### ACTIVITY
With the images left out, print every entry that follows exactly.

### Saved data entries

BEGIN

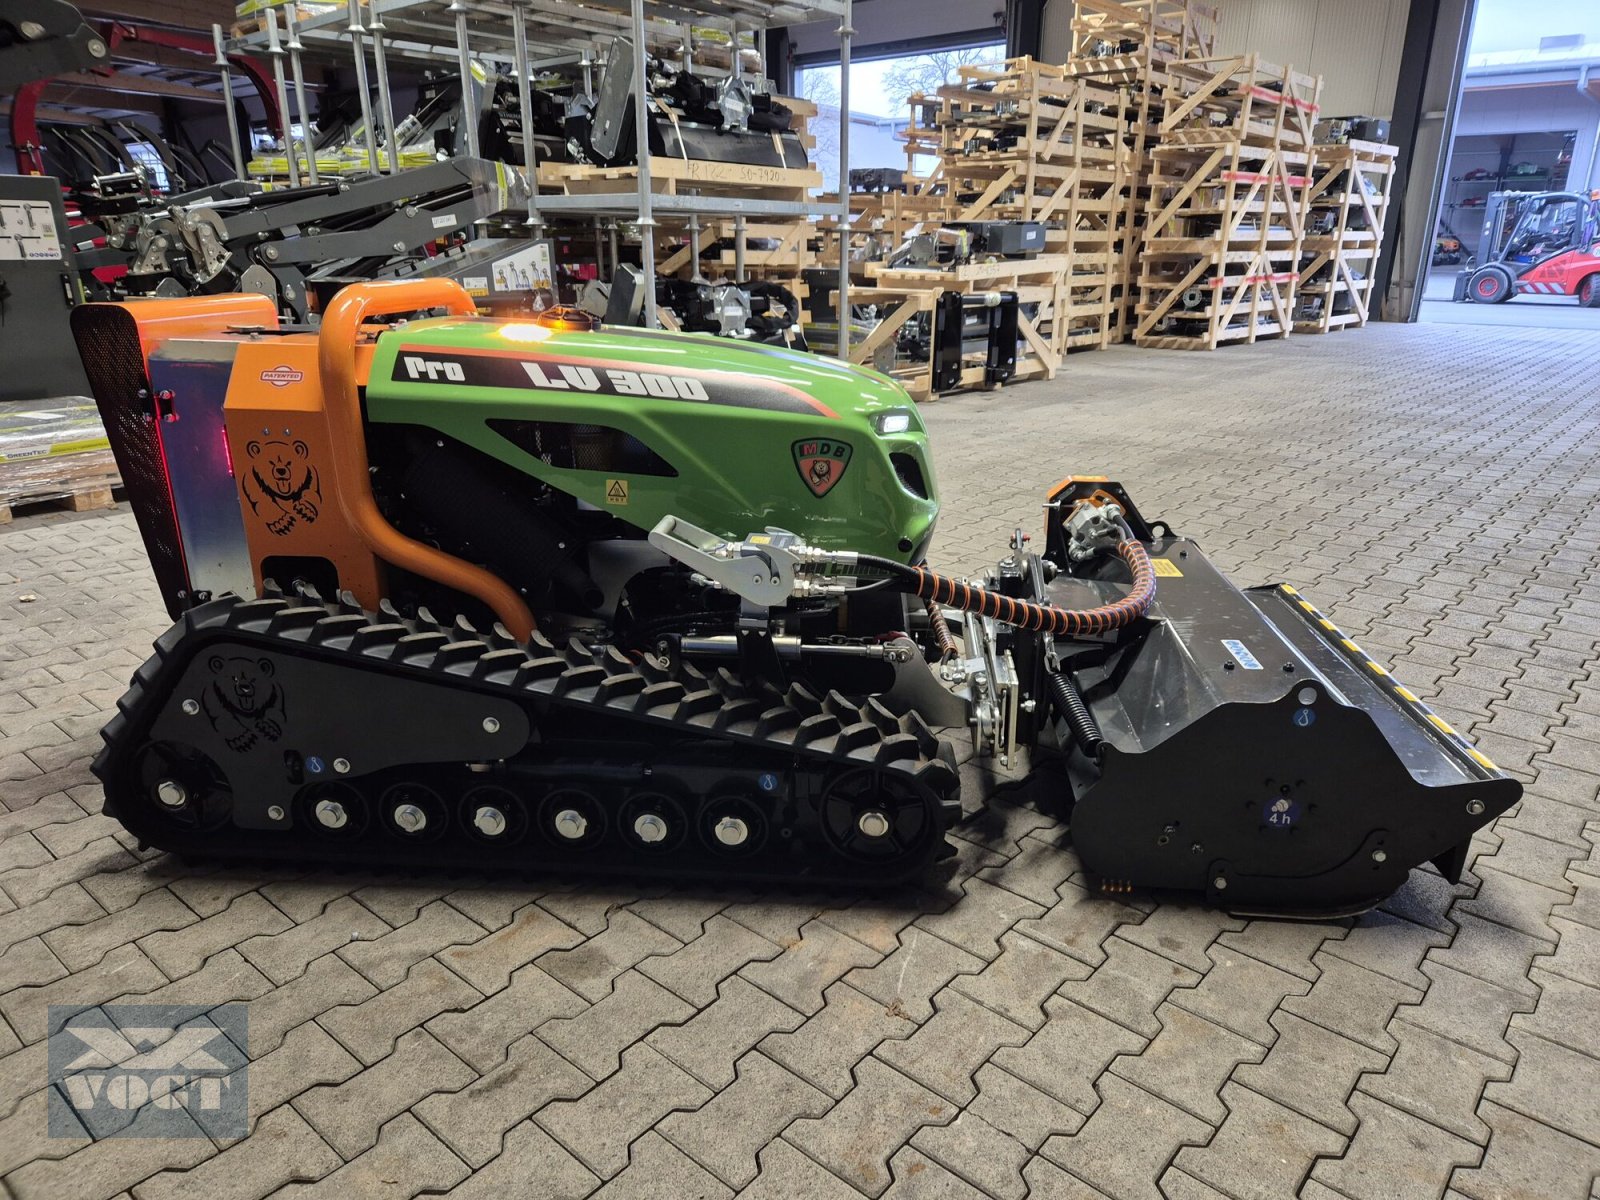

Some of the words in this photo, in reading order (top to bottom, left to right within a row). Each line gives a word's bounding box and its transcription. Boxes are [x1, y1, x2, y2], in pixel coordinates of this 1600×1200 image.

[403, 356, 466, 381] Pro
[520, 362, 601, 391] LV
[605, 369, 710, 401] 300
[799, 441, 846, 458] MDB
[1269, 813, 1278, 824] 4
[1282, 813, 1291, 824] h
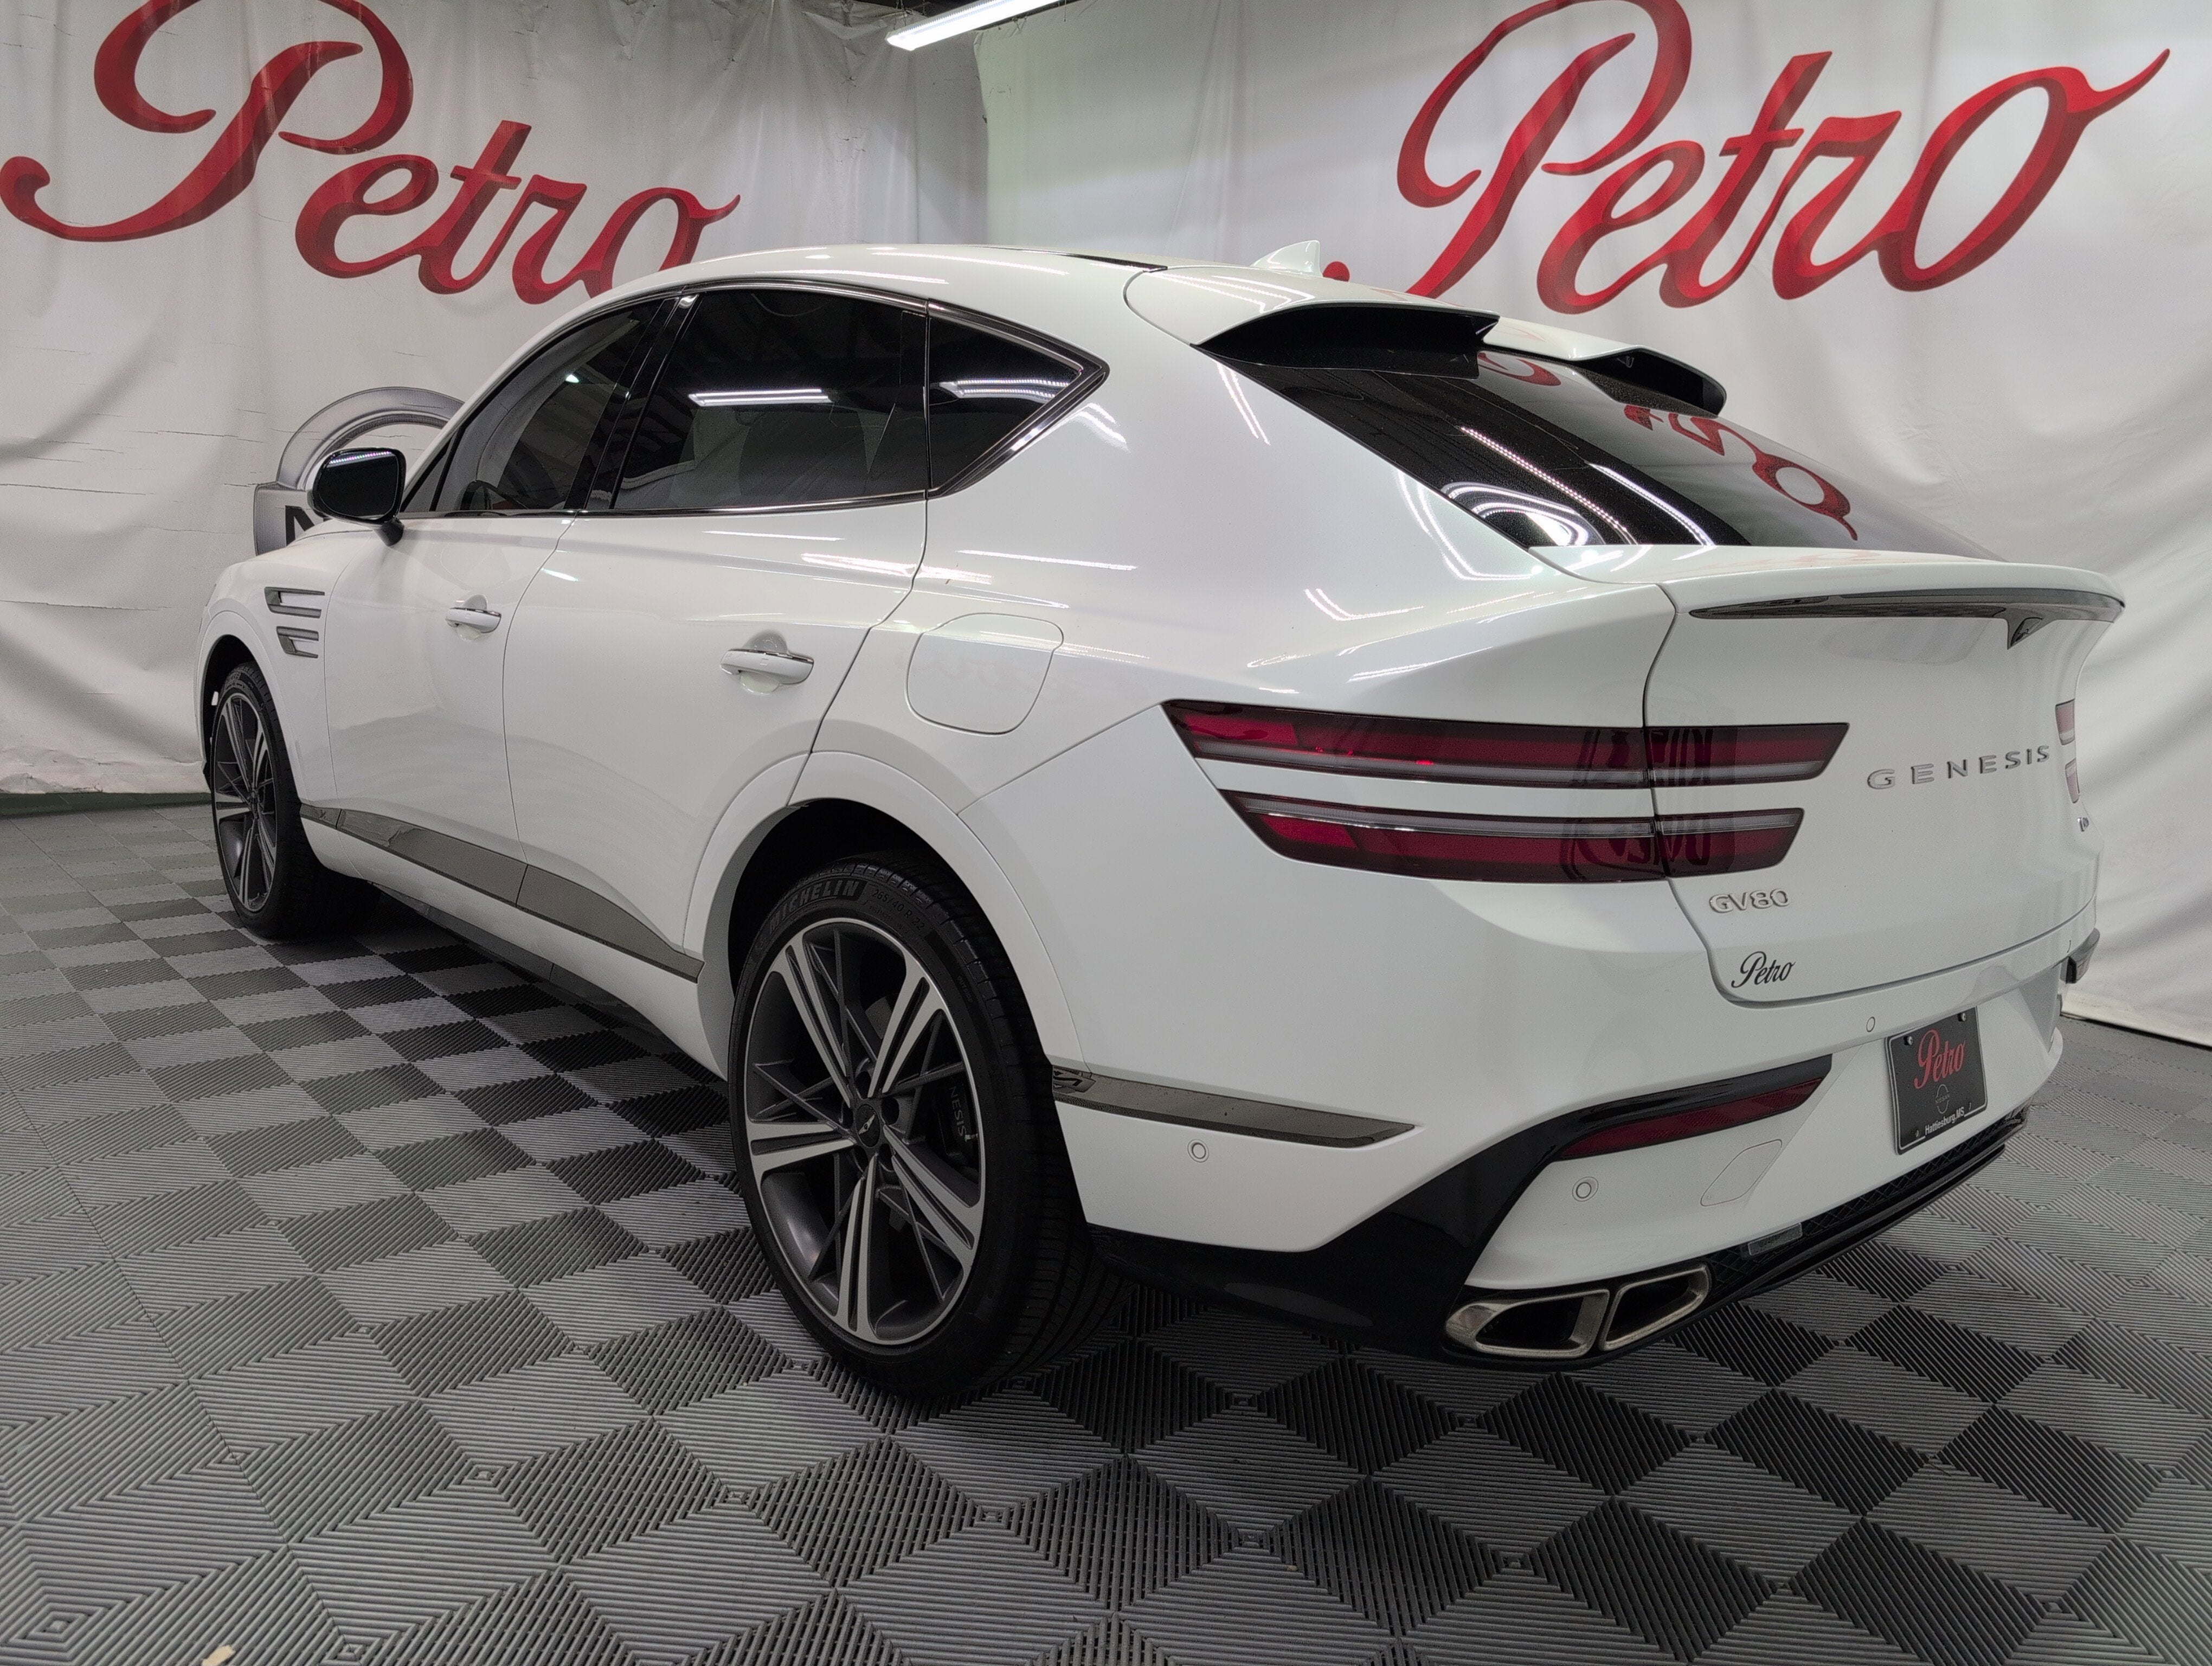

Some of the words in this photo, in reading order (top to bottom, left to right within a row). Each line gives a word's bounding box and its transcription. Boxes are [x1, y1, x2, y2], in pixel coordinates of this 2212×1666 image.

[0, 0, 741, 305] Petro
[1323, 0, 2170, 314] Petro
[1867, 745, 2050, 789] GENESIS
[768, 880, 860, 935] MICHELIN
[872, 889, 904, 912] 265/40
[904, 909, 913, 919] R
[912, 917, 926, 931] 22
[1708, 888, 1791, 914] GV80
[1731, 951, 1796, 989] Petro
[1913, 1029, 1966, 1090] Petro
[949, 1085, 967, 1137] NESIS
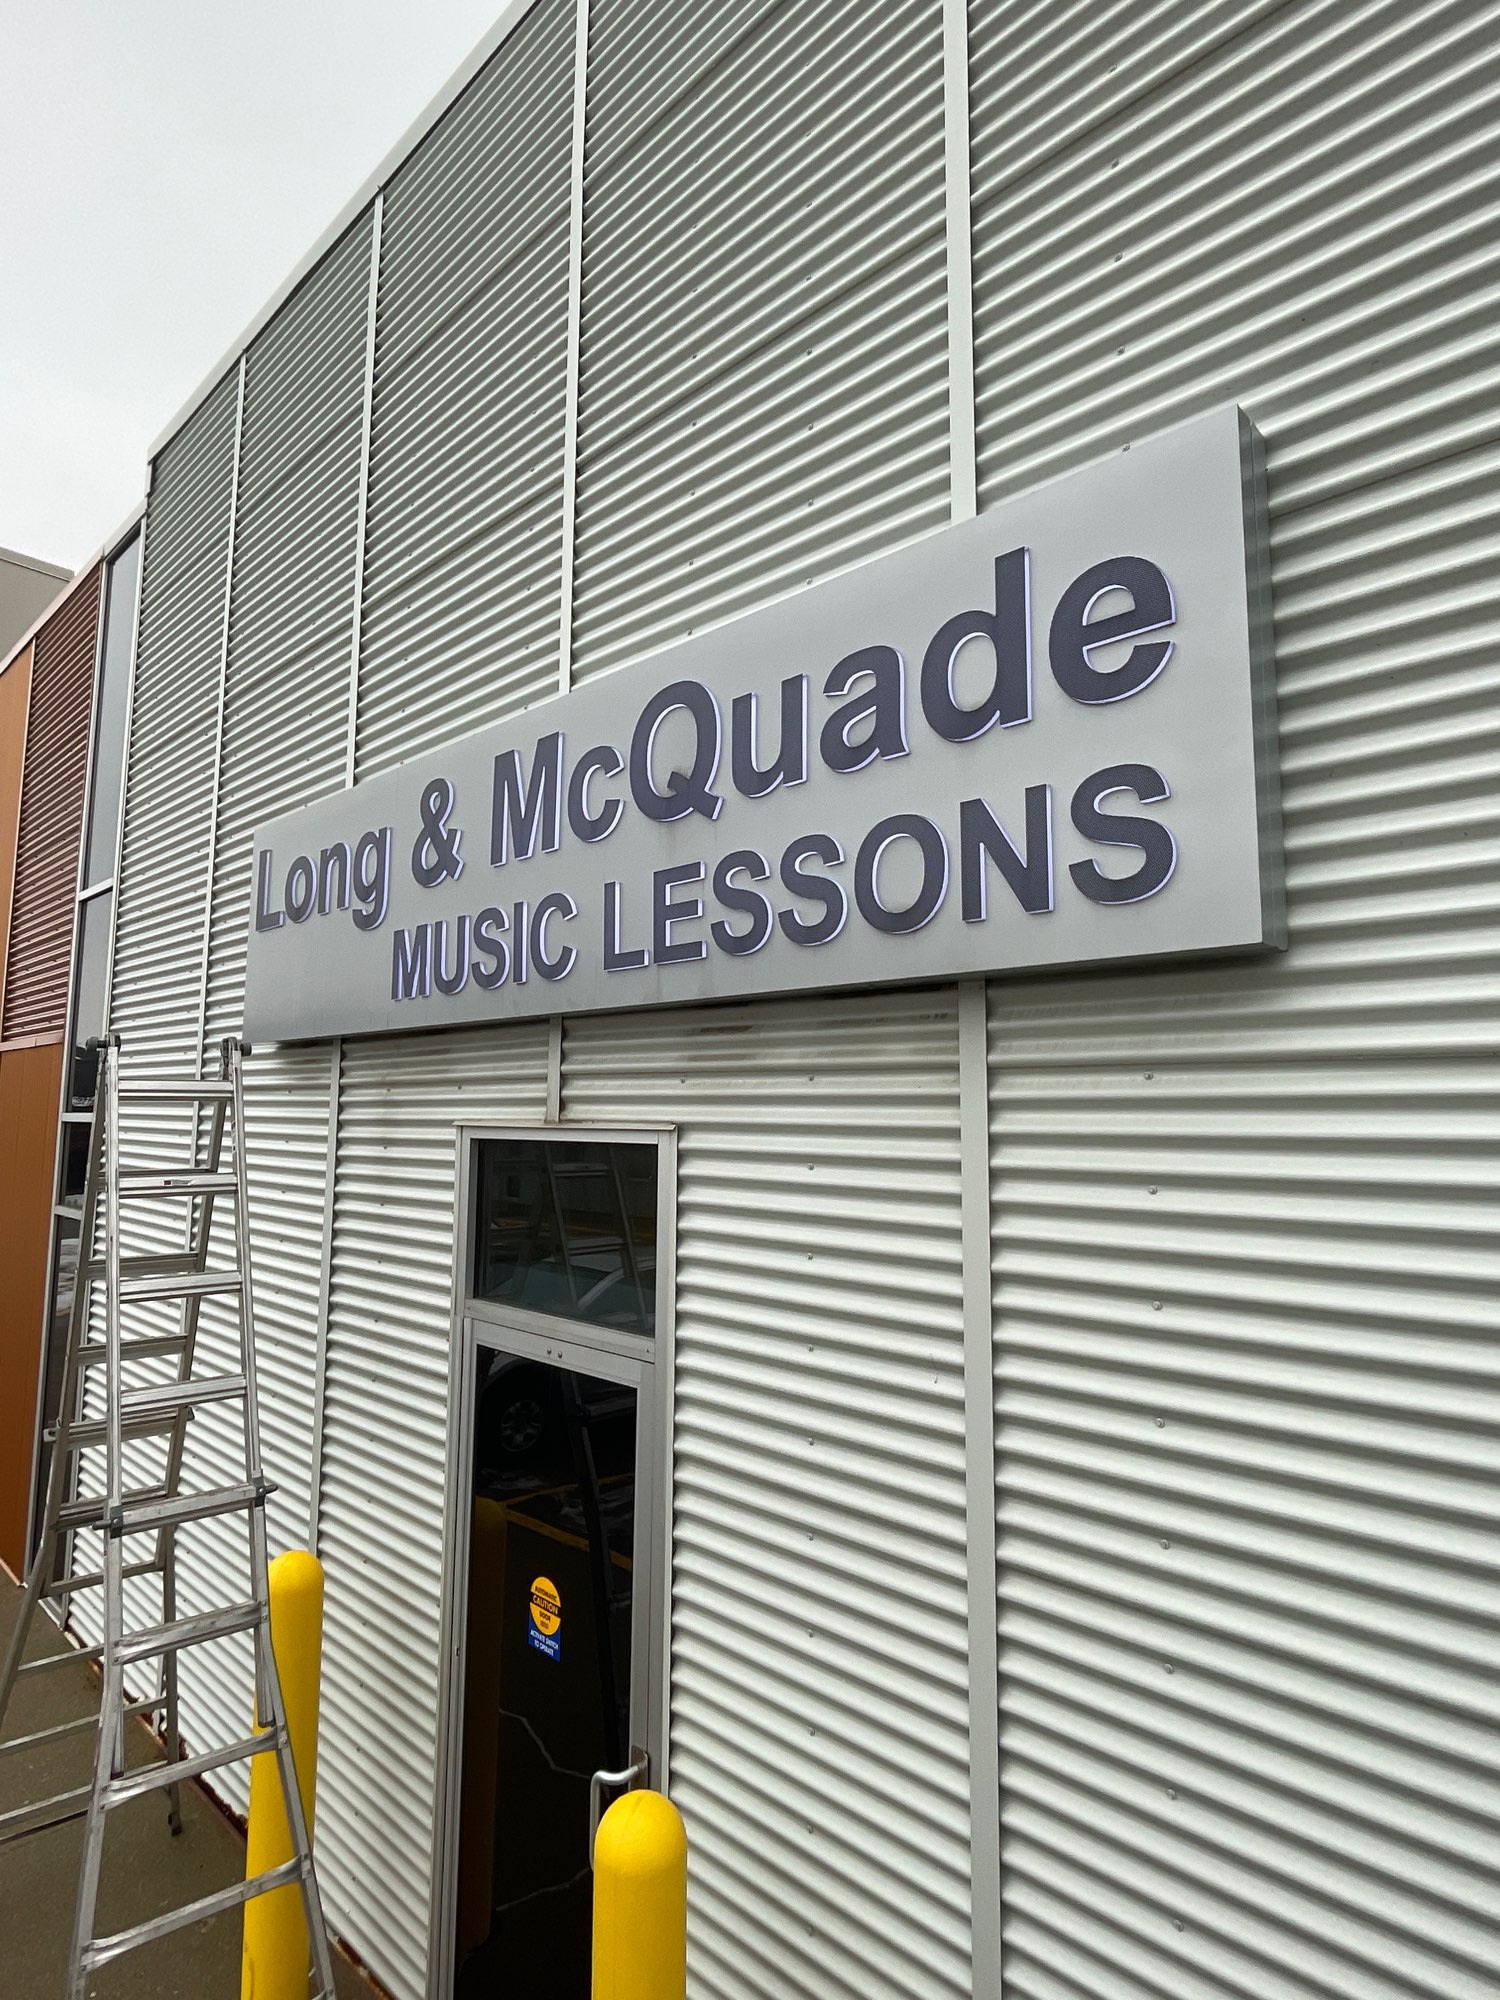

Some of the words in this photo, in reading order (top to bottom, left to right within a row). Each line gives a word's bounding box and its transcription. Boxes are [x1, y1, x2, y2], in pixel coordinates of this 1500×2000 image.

END

### EXPECTED OUTPUT
Some of the words in this photo, in reading order (top to bottom, left to right within a row). Each line gives a word's bounding box and its transcription. Boxes are [x1, y1, x2, y2], in pixel coordinates of this 1600×1200 image.

[403, 356, 466, 381] Pro
[520, 362, 601, 391] LV
[605, 369, 710, 401] 300
[799, 441, 846, 458] MDB
[1269, 813, 1278, 824] 4
[1282, 813, 1291, 824] h

Some of the words in this photo, in reading order (top to bottom, left to right within a row). Each line gives a word's bounding box and its transcription. Boxes are [x1, y1, x2, y2], in pixel coordinates of this 2212×1666 image.

[0, 0, 741, 305] Petro
[1323, 0, 2170, 314] Petro
[1867, 745, 2050, 789] GENESIS
[768, 880, 860, 935] MICHELIN
[872, 889, 904, 912] 265/40
[904, 909, 913, 919] R
[912, 917, 926, 931] 22
[1708, 888, 1791, 914] GV80
[1731, 951, 1796, 989] Petro
[1913, 1029, 1966, 1090] Petro
[949, 1085, 967, 1137] NESIS

Some of the words in this photo, in reading order (top to bottom, left to right within a row). Each line gives a word's bounding box and its transcription. Boxes are [x1, y1, x2, y2], in pixel coordinates of this 1500×2000 image.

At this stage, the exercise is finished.